• **Excerpted data**
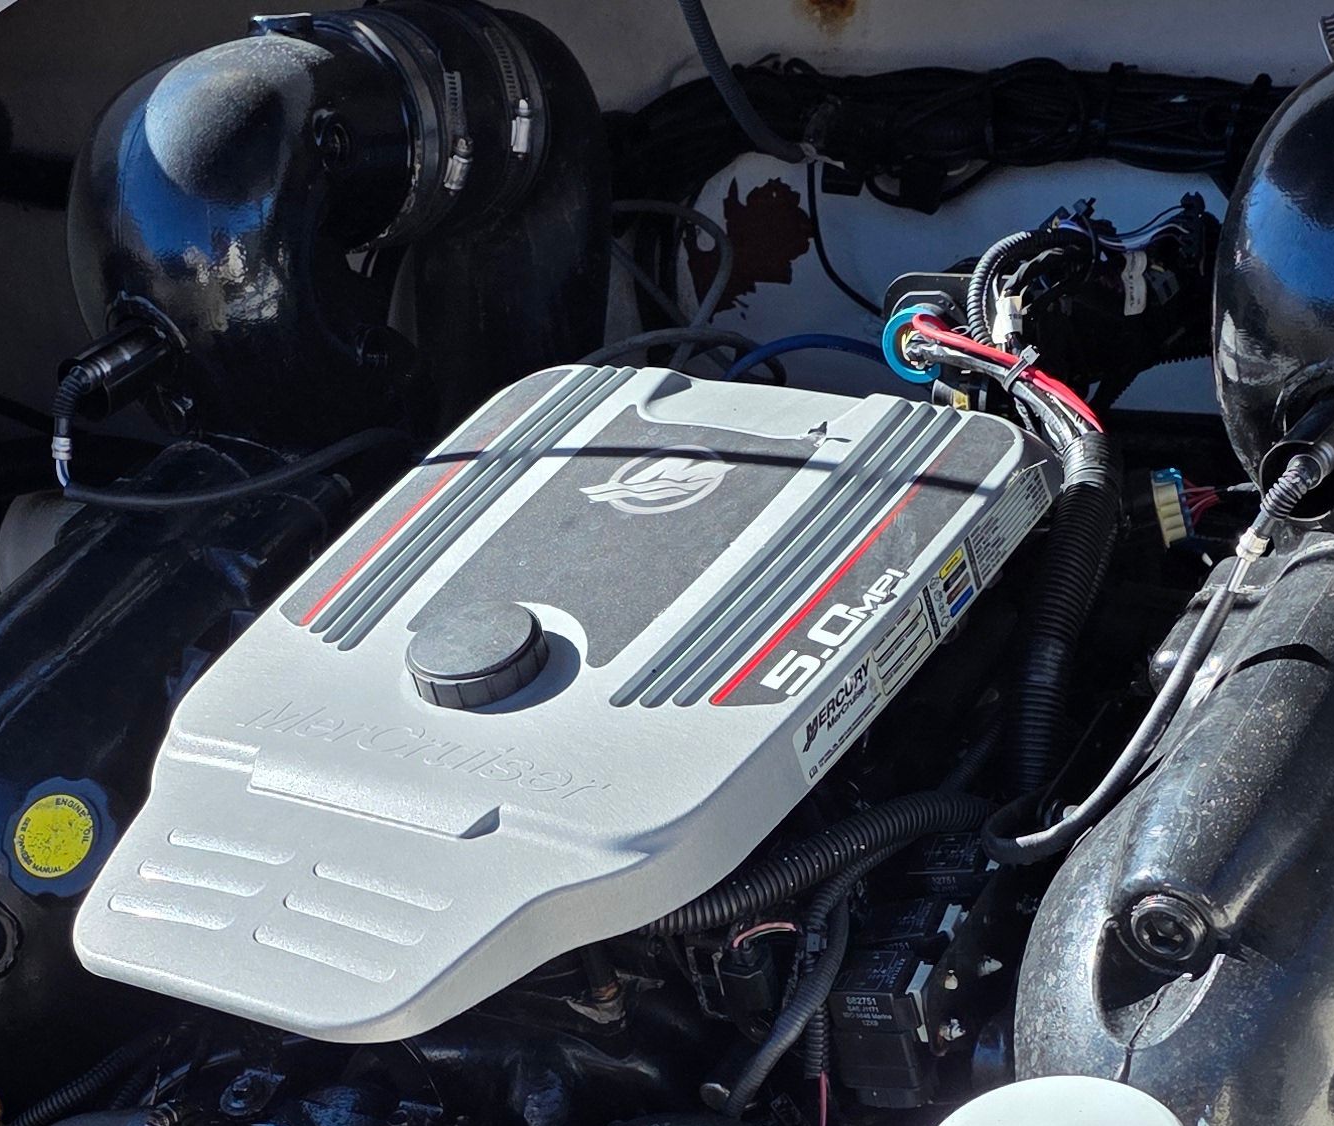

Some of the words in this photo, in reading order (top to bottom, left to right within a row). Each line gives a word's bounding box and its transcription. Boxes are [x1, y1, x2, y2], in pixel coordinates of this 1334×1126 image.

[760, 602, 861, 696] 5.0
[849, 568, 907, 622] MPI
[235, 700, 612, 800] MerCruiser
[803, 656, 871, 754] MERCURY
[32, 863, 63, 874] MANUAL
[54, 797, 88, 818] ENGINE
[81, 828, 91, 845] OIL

• **Prompt**
Skip the images and set down the rest of the data unchanged.

• **Exercise answer**
Some of the words in this photo, in reading order (top to bottom, left to right within a row). Each line gives a word's bounding box and its transcription. Boxes are [x1, y1, x2, y2], in pixel coordinates of this 1334×1126 image.

[760, 602, 861, 696] 5.0
[849, 568, 907, 622] MPI
[235, 700, 612, 800] MerCruiser
[803, 656, 871, 754] MERCURY
[32, 863, 63, 874] MANUAL
[54, 797, 88, 818] ENGINE
[81, 828, 91, 845] OIL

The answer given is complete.